Landowner survey determines impacts of oil and gas leasing negotiation efforts Part 2: Lease royalty

Results of a survey sent by Michigan State University Extension in 2013 to 130 landowners in 19 Michigan counties determines their activities in oil and gas leasing negotiation regarding the lease royalty.

Part 1 of this series by Michigan State University Extension discussed these survey topics: 1. Sources of information landowners used to understand and negotiate oil and gas lease contract terms. 2. What the initial and final bonus payment offer was and if negotiation increased this payment. This segment will discuss the survey results regarding negotiating the lease royalty.

In the oil and gas industry, the royalty refers to ownership of a portion of the revenue that is produced. A mineral owner receives a royalty interest, but does not bear any of the costs of the operations needed to produce the resource. It is a cash payment that is paid based on the mineral owner’s share of production and the sales price of the hydrocarbons produced from the lease. As with many types of contracts, the lease royalty can be negotiated.

What was the initial royalty offer? An offer of 1/8 (.125) was received by 97 percent. An offer exceeding 1/8 was received by 3 percent.

What as the final royalty negotiated? The survey compared the average initial royalty offer of 12.5 percent with the final offer to determine if there was an increase due to lease negotiations. Only the answers from those landowners who eventually signed a lease were included. Sixteen percent of the respondents chose not to answer this question, with some indicating they had signed a confidentiality agreement and could not provide that information. Sixteen percent stated there was no increase in the royalty, while 67 percent stated they negotiated for better terms. Fifty-four percent negotiated the royalty to a range of 12.6 to 16.7 percent. Thirteen percent negotiated the royalty to a range of 16.8 percent to 18.8 percent. No respondents indicated a royalty greater than 18.8 percent.
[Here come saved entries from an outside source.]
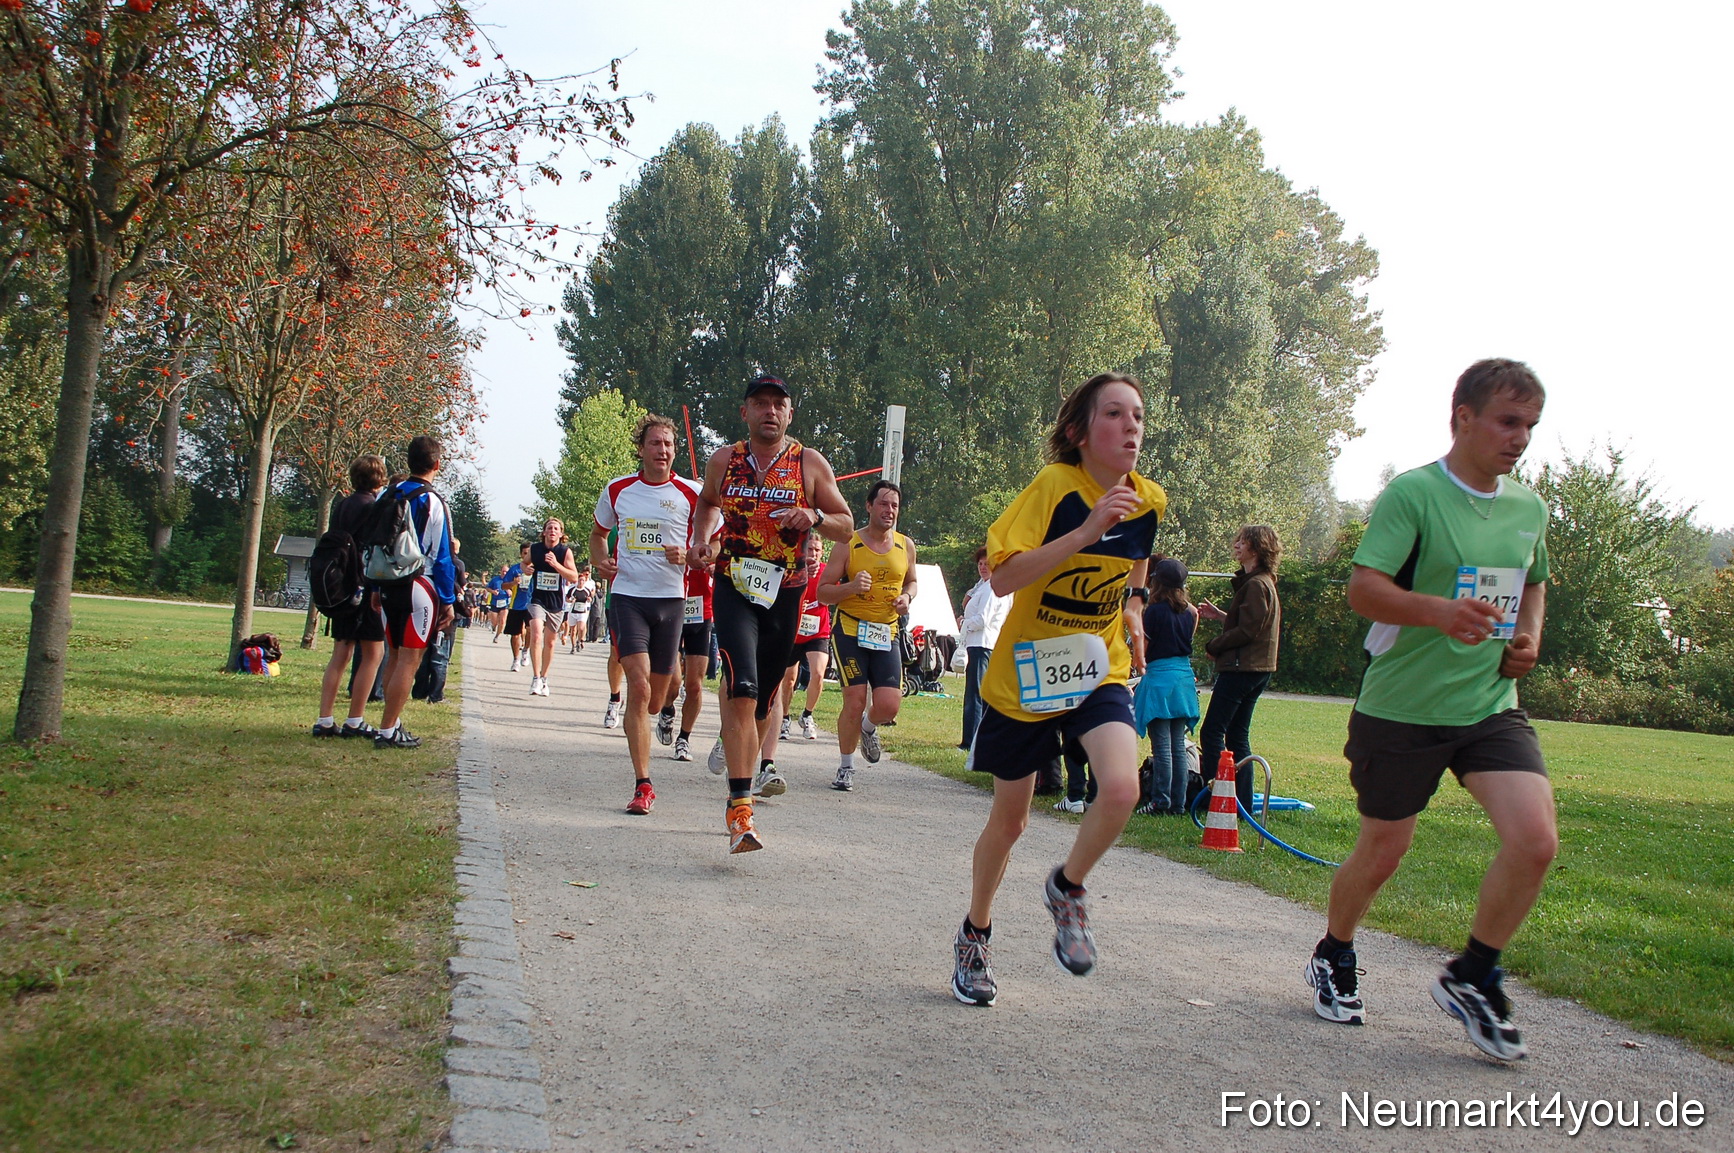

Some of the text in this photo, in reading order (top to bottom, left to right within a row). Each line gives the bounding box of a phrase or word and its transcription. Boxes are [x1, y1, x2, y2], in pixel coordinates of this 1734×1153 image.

[726, 484, 796, 500] triathlon
[636, 521, 659, 530] Michael
[640, 533, 662, 544] 696
[743, 560, 769, 575] Helmut
[746, 574, 770, 593] 194
[684, 606, 700, 615] 591
[1045, 659, 1099, 685] 3844
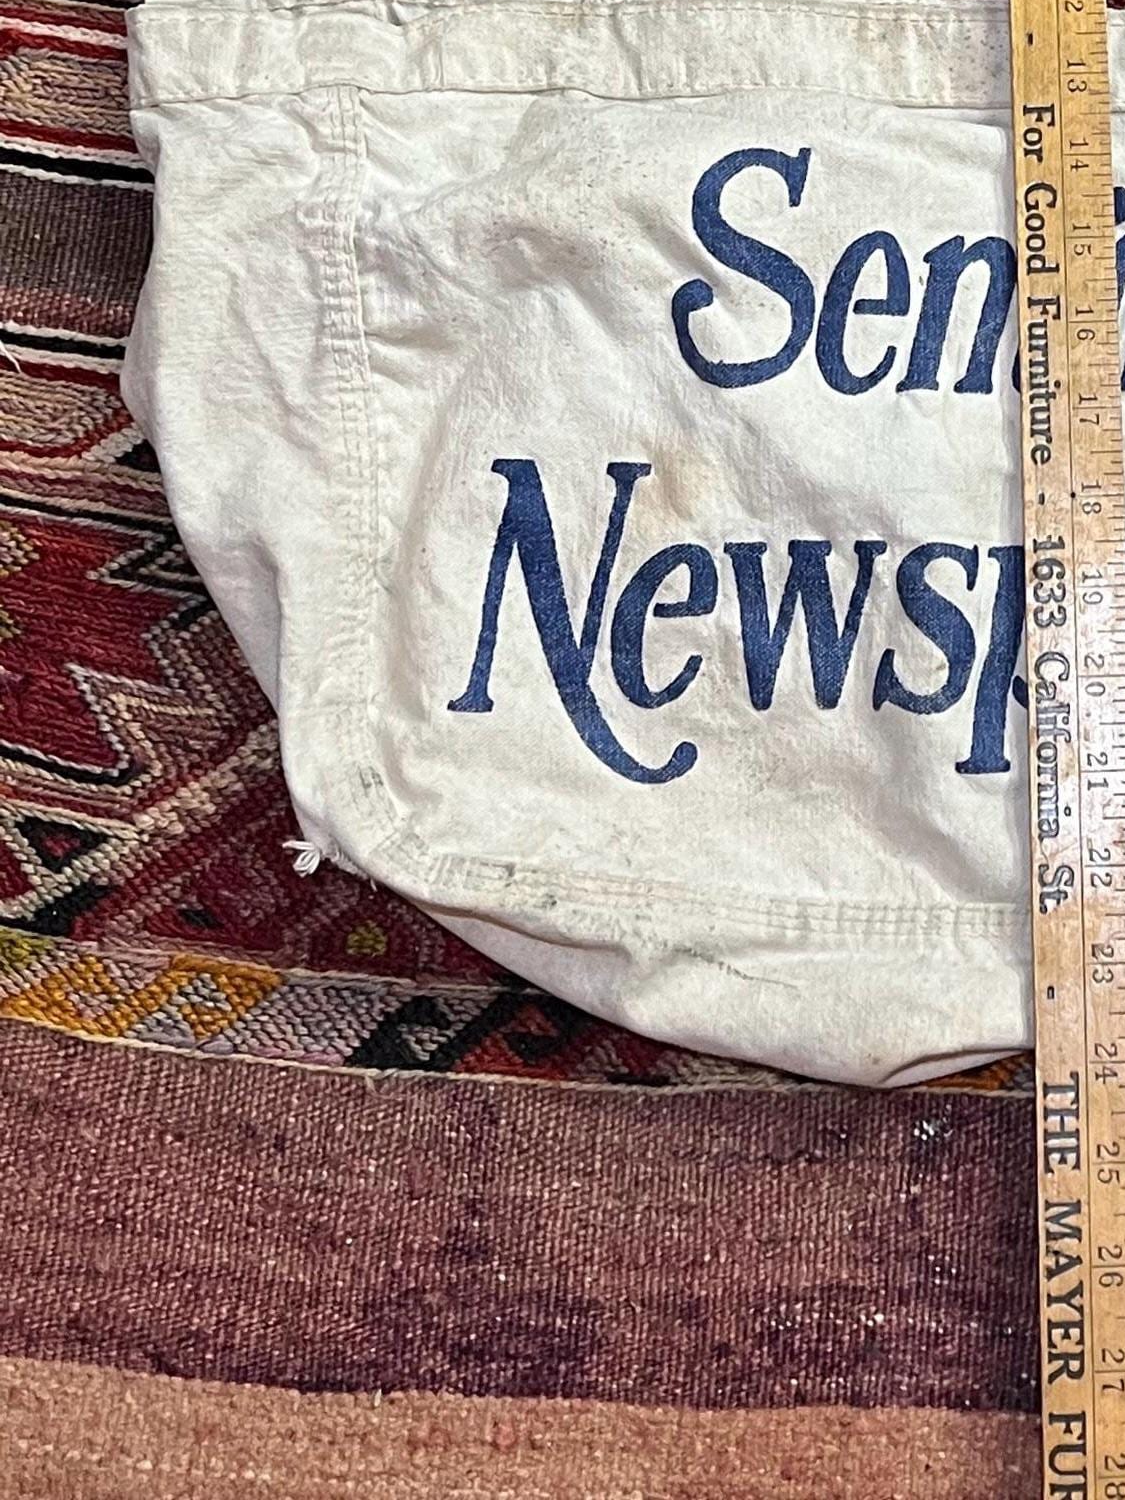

The average royalty was increased to .153 or 15.3 percent. This is an increase of 22.4 percent from the initial offer of 12.5 percent.

To translate these results into dollar terms, we will use a sample well. For the sample well, we will assume the landowner was the sole owner of 40 acres and a successful well was drilled that produced 25 barrels per day. It operated for 200 days during the year and the oil sold for $90 per barrel. This well will produce $450,000 in gross income (25 barrels per day x 200 days x $90 per barrel = $450,000) in the first year. If the royalty was 1/8 or .125 the mineral owner would receive $56,250 the first year ($450,000 x .125 = $56,250.) prior to any post-production cost deductions.

The survey results indicated an average increase to .153 or 15.3 percent. Mineral owner’s income produced would be $450,000 x .153 = $68,850 the first year prior to any post production cost deductions.

By negotiating an increase to the royalty, the income, on average was increased $12,600 the first year of production ($68,850 -$56,250 = $12,600). This proportionate increase would occur each year of production.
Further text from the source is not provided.